YOU WON'T BELIEVE WHAT THE
NEW YORK TIMES SAW "FIT TO PRINT"

The procedure at issue--what doctors now call intact dilatation and extraction, or intact D&X--involves pulling the fetus's legs and torso out of the uterus and then crushing its skull before removing it entirely.
In 2000, the Alan Guttmacher Institute, a research organization that supports abortion rights, surveyed abortion providers nationwide and estimated that 2,200 such
[partial-birth abortion] procedures were done that year, by 31 physicians.
One aspect of the debate has changed. When it began, some opponents of the ban
[on partial-birth abortions] said the targeted form of abortion was used only when a fetus had extreme abnormalities or a mother's health was endangered by pregnancy. [In other words, the pro-abortionists had been lying.] Now, both sides acknowledge that abortions done late in the second trimester, no matter how they are conducted, are most often performed to end healthy pregnancies because the woman arrived relatively late at her decision to abort. [One side, the pro-lifers, has nothing to "acknowledge now." We told the truth from the very beginning. A correct statement would be: "Now, some opponents of the partial-birth abortion ban admit that"]

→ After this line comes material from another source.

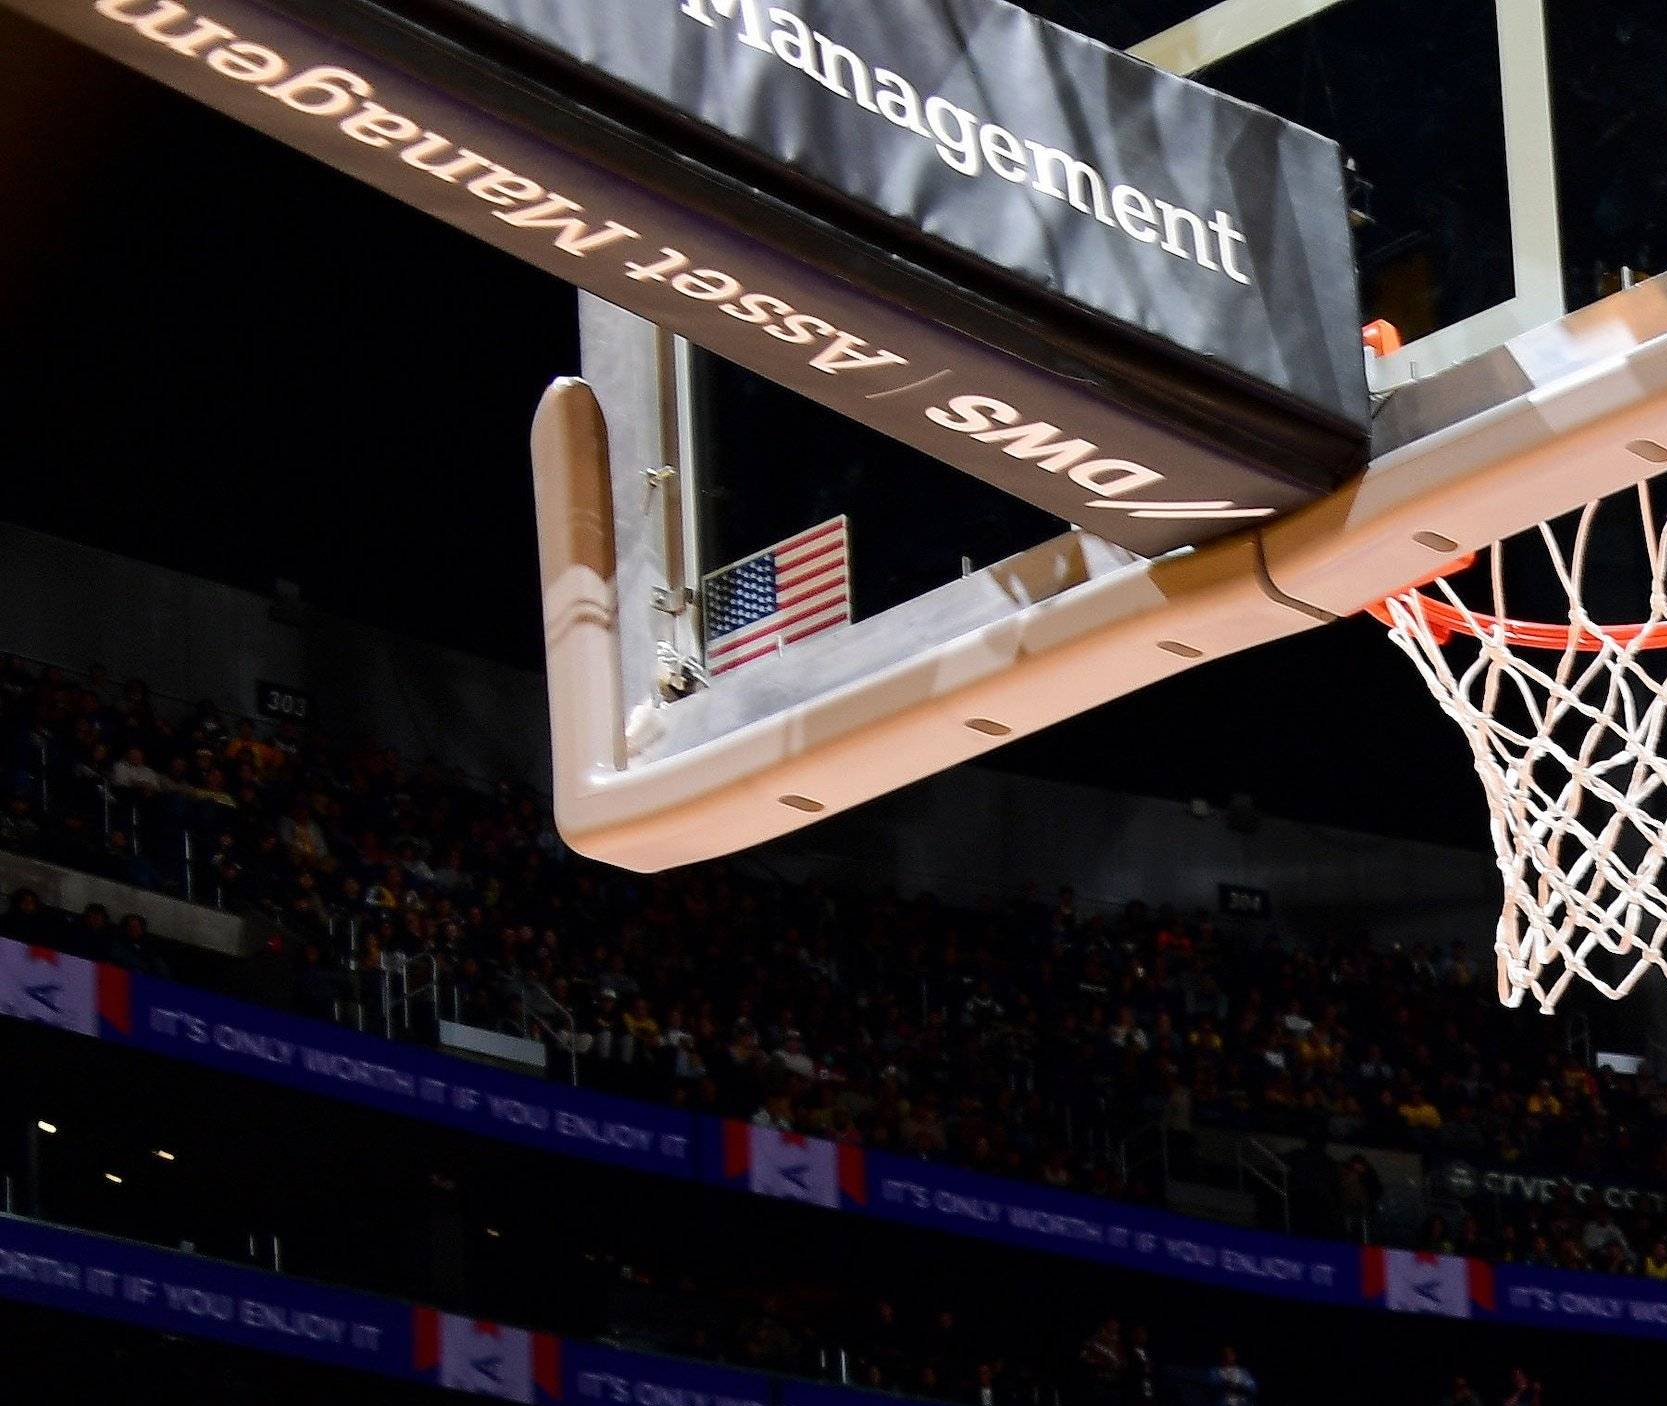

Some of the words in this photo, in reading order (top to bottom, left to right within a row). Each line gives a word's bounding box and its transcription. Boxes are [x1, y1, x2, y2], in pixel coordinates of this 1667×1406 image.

[681, 0, 1252, 286] Management
[625, 247, 909, 375] Asset
[924, 394, 1165, 499] DWS

A Guttmacher study from 1987 [!] indicates that only 2 percent of abortions done after 16 weeks of pregnancy are done because of fetal abnormalities. [In other words, the truth about that was out years before our campaign to ban partial-birth abortions.]
A vast majority of second-trimester abortions are done using a technique called dilatation and evacuation, or D&E, in which the cervix is dilated, the fetal sac is punctured and drained, and the fetus's head is crushed. Then the body is dismembered and removed.
Dr.
[Warren] Hern [of Boulder, Colorado] kills the fetus with an injection of the heart drug digoxin a few days ahead of [inducing labor resulting in expulsion of the dead child].
Dr. George R. Tiller of Wichita, Kan., who uses a labor-and-delivery technique, injects the fetus with digoxin one to four days ahead of time.
The
[intact D&X] technique was designed for abortions done 18 to 20 weeks, when the fetus's head has grown too large to fit through the cervix easily. By 20 weeks, a fetus is typically about eight inches long.
The physician reaches into the uterus to turn the fetus into a feet-first position. The fetus is pulled through the cervix up to the neck. The doctor then pierces the fetal skull with an instrument and drains some of its content. This causes the skull to collapse and fit through the opening.
"The goal of any abortion procedure is the destruction of the fetus," said Dr. Felicia H. Stewart of the University of California at San Francisco.

--Mary Duenwald, New York Times ("Likely Ban on Abortion Technique Leaves Doctors Uneasy"), April 22, 2003. [Bracketed comments added.]